That a spiritual character is indispensably necessary in order to our being admitted into the kingdom of God appears from his declared design in the scheme of redemption itself So far from being intended to reverse or supersede the moral government of God, or to release us from the operation of those laws which connect sin with suffering, the scheme of redemption was designed to secure our happiness by restoring us to a state of holy conformity to God's will. Its design in relation to the law is declared, when our Lord himself said, 'Think not that I am come to destroy the law: I am not come to destroy, but to fulfil;' and the apostle, 'Do we then make void the law through faith? God forbid.

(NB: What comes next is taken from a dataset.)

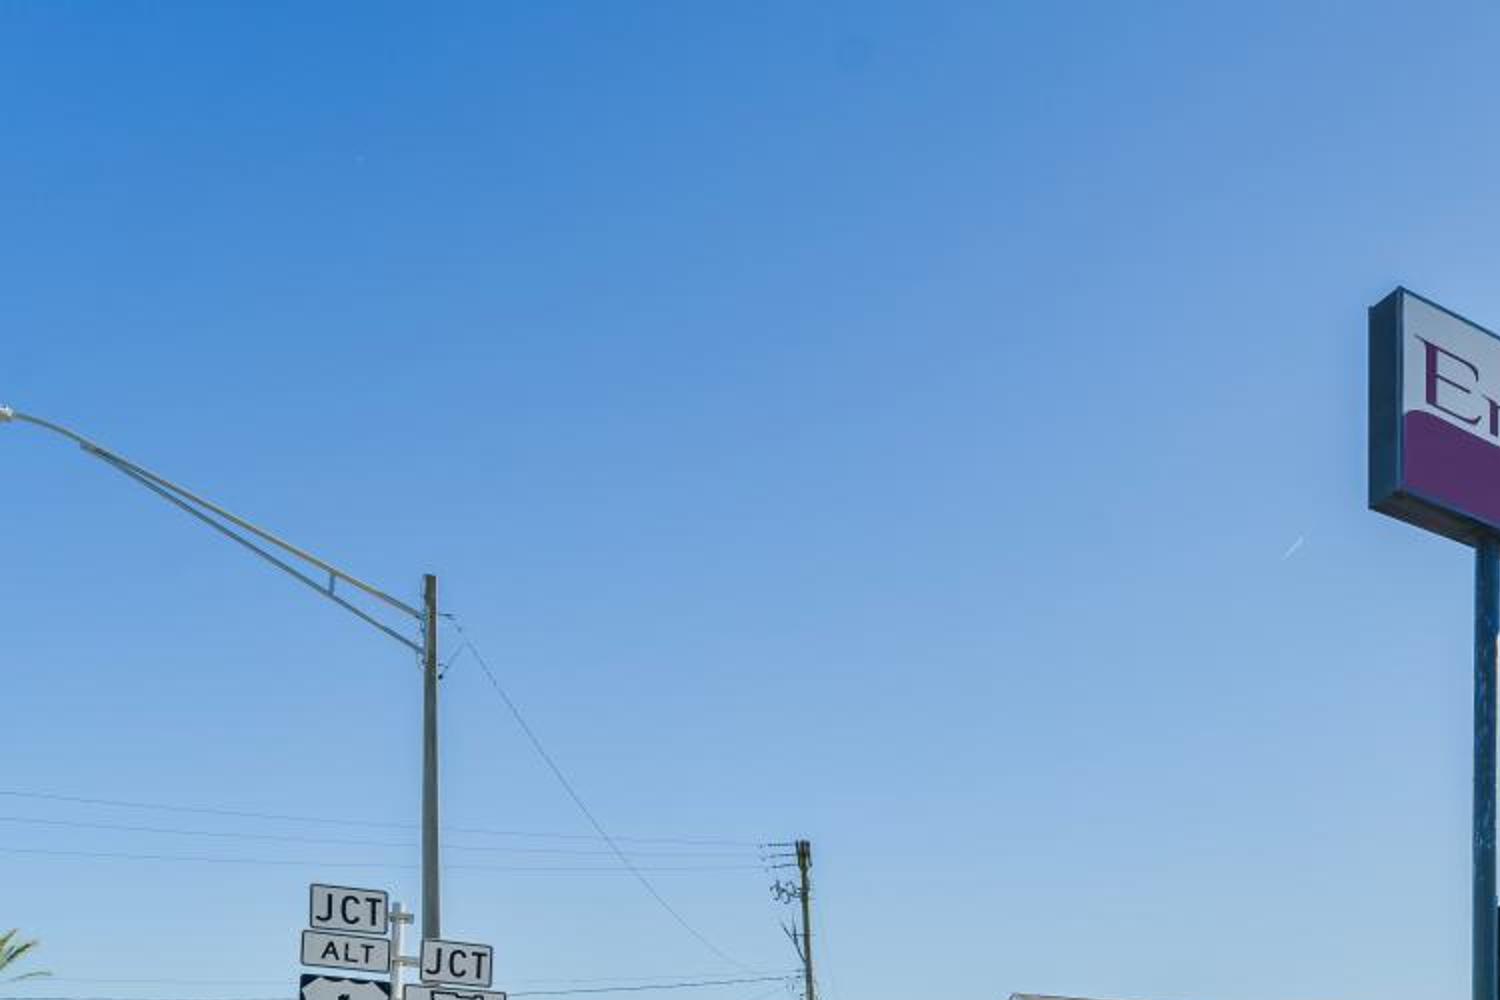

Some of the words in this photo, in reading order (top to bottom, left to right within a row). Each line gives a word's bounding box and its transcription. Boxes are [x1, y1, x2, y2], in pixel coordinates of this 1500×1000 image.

[315, 893, 383, 926] JCT
[321, 941, 375, 964] ALT
[425, 947, 488, 979] JCT

Yea, we establish the law.' And its design in relation to ourselves is intimated, when we read that it was alike the purpose of the Father, the Son, and the Holy Spirit, to deliver us from sin as well as from suffering, and to restore us to the image as well as the favour of God. I solicit your attention to the declared purpose of each of the Three Persons in the Godhead, in that scheme of grace and redemption, which is the only provision that has been made, or that ever will be made, for your salvation.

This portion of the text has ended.